Sectors such as the tile industry have more green products on the market than in years past. Whether these products are made of recycled material or are being processed using environmentally friendly methods, many tile manufacturers are going to great lengths to be more environmentally conscious.
Recently, I attended Cevisama in Valencia, Spain, which is an annual tile and bath furnishings exhibition. The show floor was filled with numerous innovative tile collections -- including some that were considered "green." Among these, one company that stood out to me was Onix, a Spanish manufacturer of glass mosaics. A total of 98% of the company's products are comprised of recycled material such as glass from car windshields.

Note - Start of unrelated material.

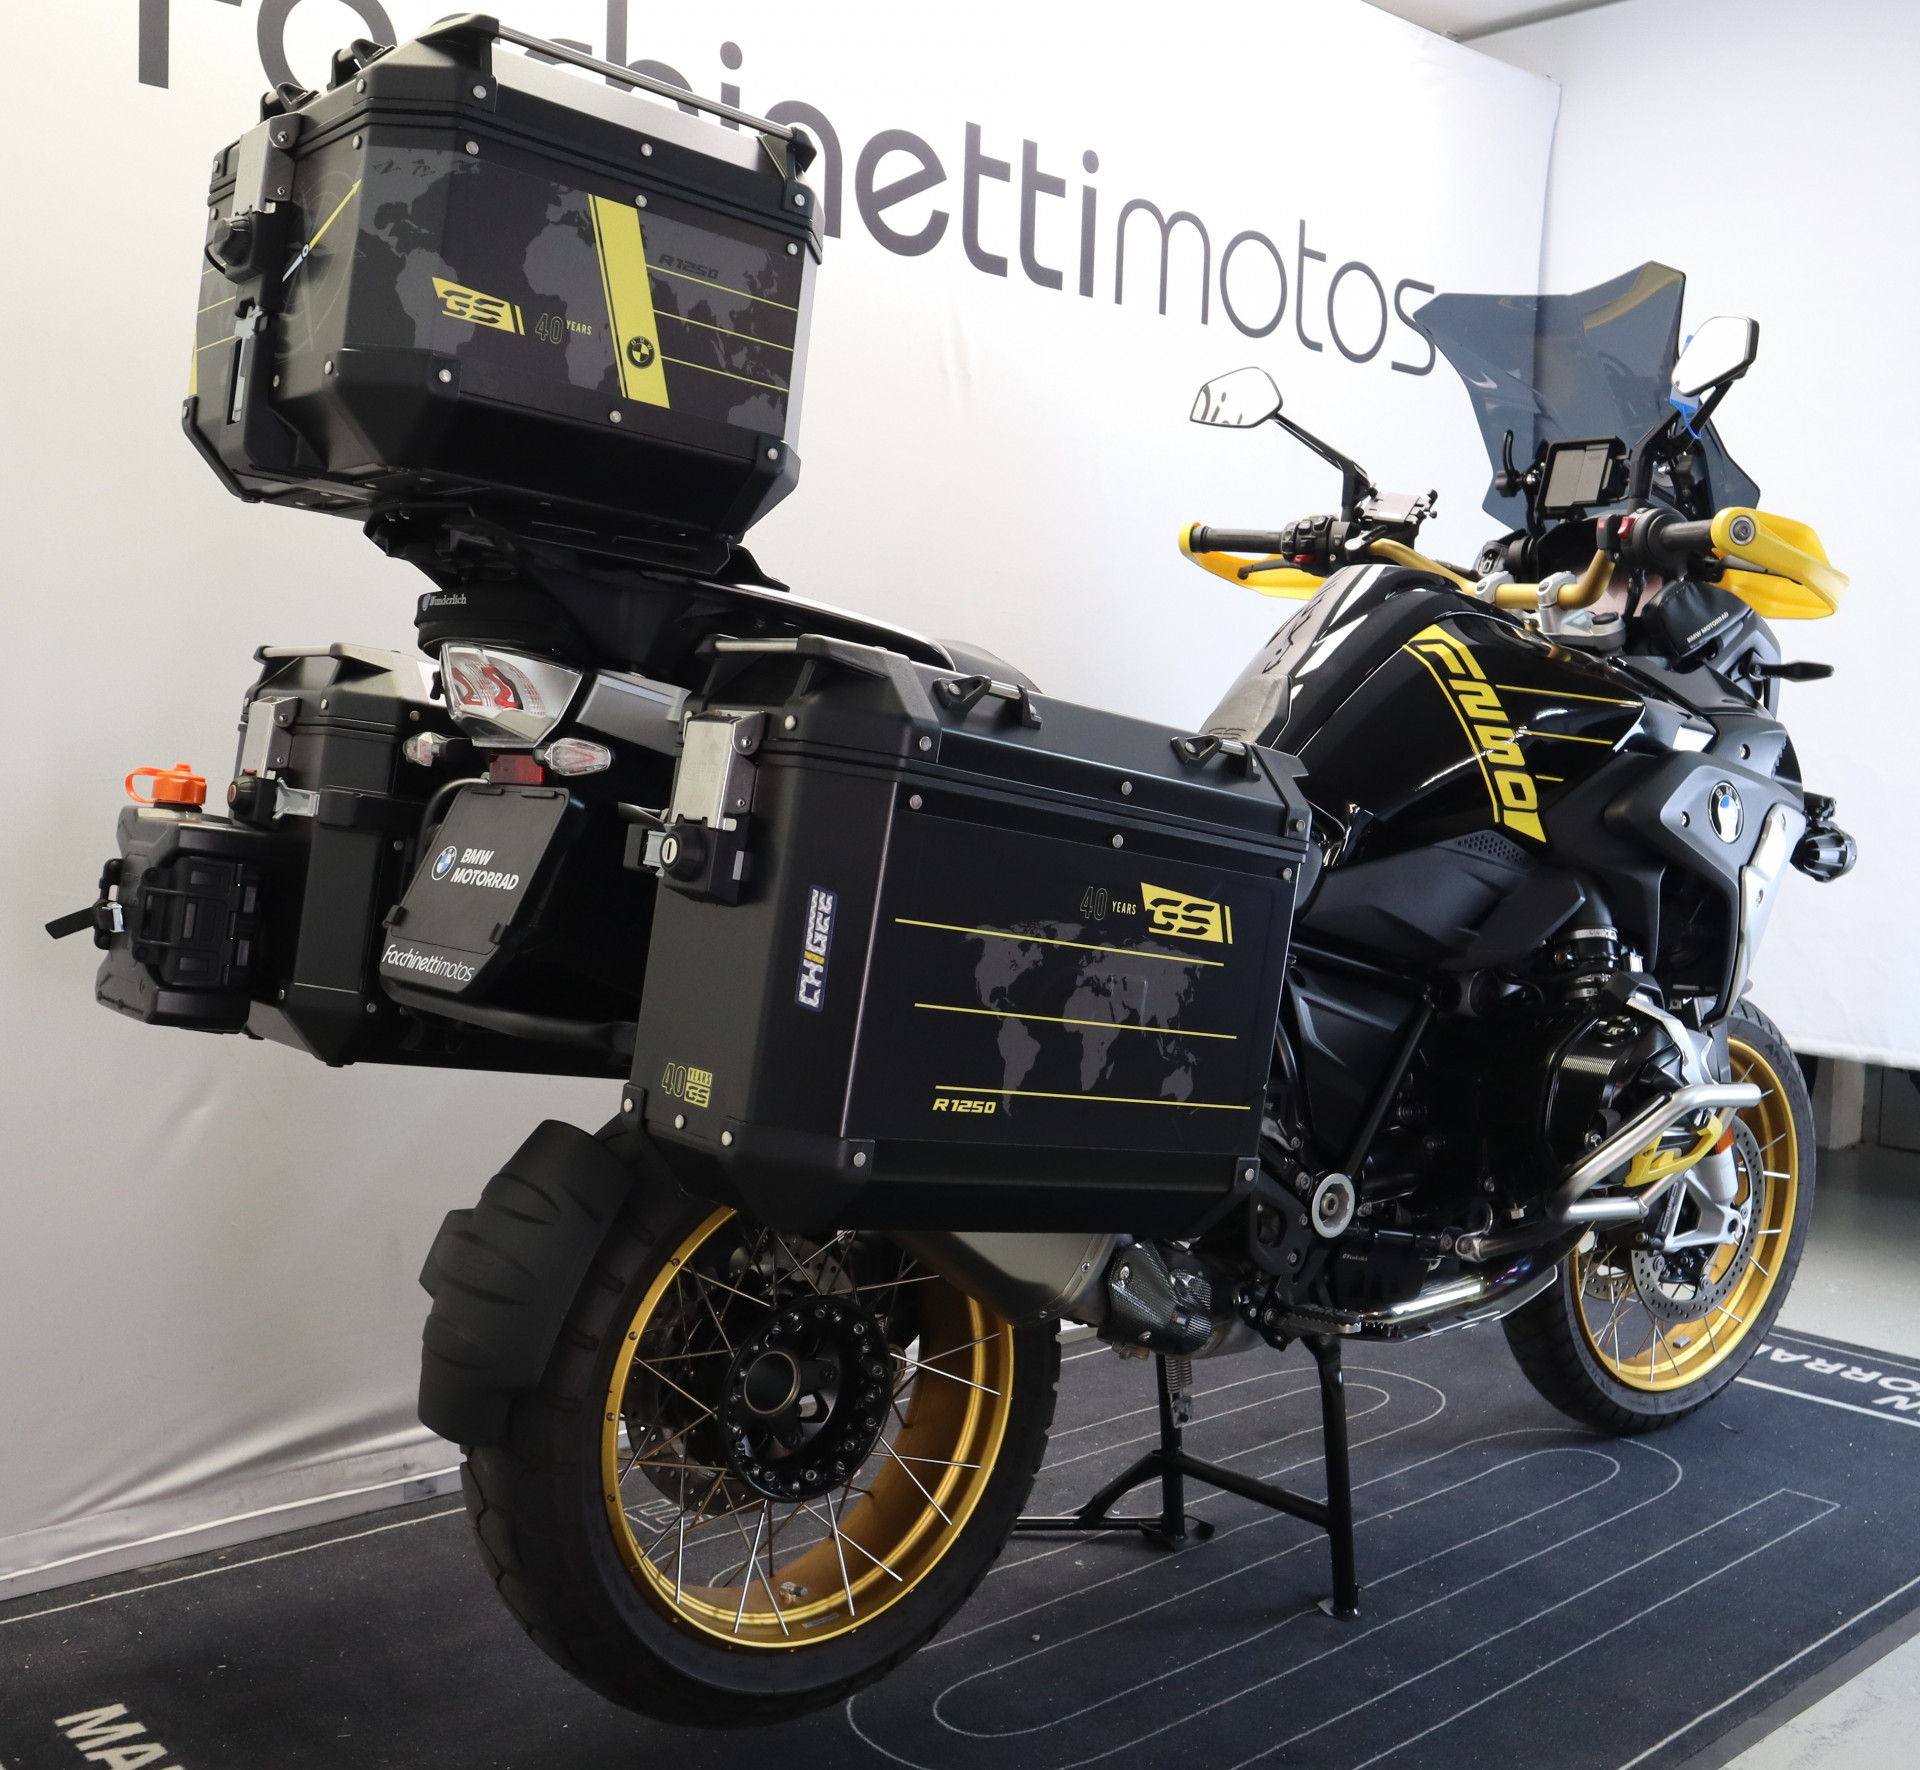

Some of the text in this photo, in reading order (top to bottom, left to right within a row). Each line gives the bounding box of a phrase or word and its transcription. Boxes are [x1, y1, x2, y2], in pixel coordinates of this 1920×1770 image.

This is a prime example of a creative way manufacturers can assist in the green-building movement.
Meanwhile, in the stone sector, the Natural Stone Council (NSC) has formed a Sustainability Committee that is working diligently to define the natural stone industry's place in green building as defined by the American Institute of Architects (AIA): "Reducing building impacts on human health and environment through better siting, design, construction, operation, maintenance and removal -- the complete building life cycle."
An article outlining some of the objectives of the NSC's Committee on Sustainability, which was written by the committee's Chairman, is featured on page XX of this issue of Contemporary Stone & Tile Design. "Currently, the only Leadership in Energy and Environmental Design (LEED) points that stone will generate is for local sourcing," states the article. "The opportunity exists for stone to garner LEED credits in material reuse, building reuse, low VOC and innovation credit as well, which is why more needs to be done to promote natural stone as a sustainable building material."
This issue also showcases the Twin Creeks Science and Education Center located in the Great Smoky Mountains National Park of Tennessee, which was built to serve as a model for future National Park Service sites, and is on target to become one of the National Park Service's first LEED buildings in the Southeastern U.S. To adhere to the sustainable objective, regional river stone was applied as a battered wainscot around the exterior of the structure to help it harmonize with its mountainous surroundings, which also aided in taking advantage of the natural resources around the site.
While the green building movement has certainly come a long way in the last several years, there is still a need for awareness. It is important that associations and manufacturers in various sectors collaborate with the architecture and design community to build more sustainable buildings and, in general, preserve our environment.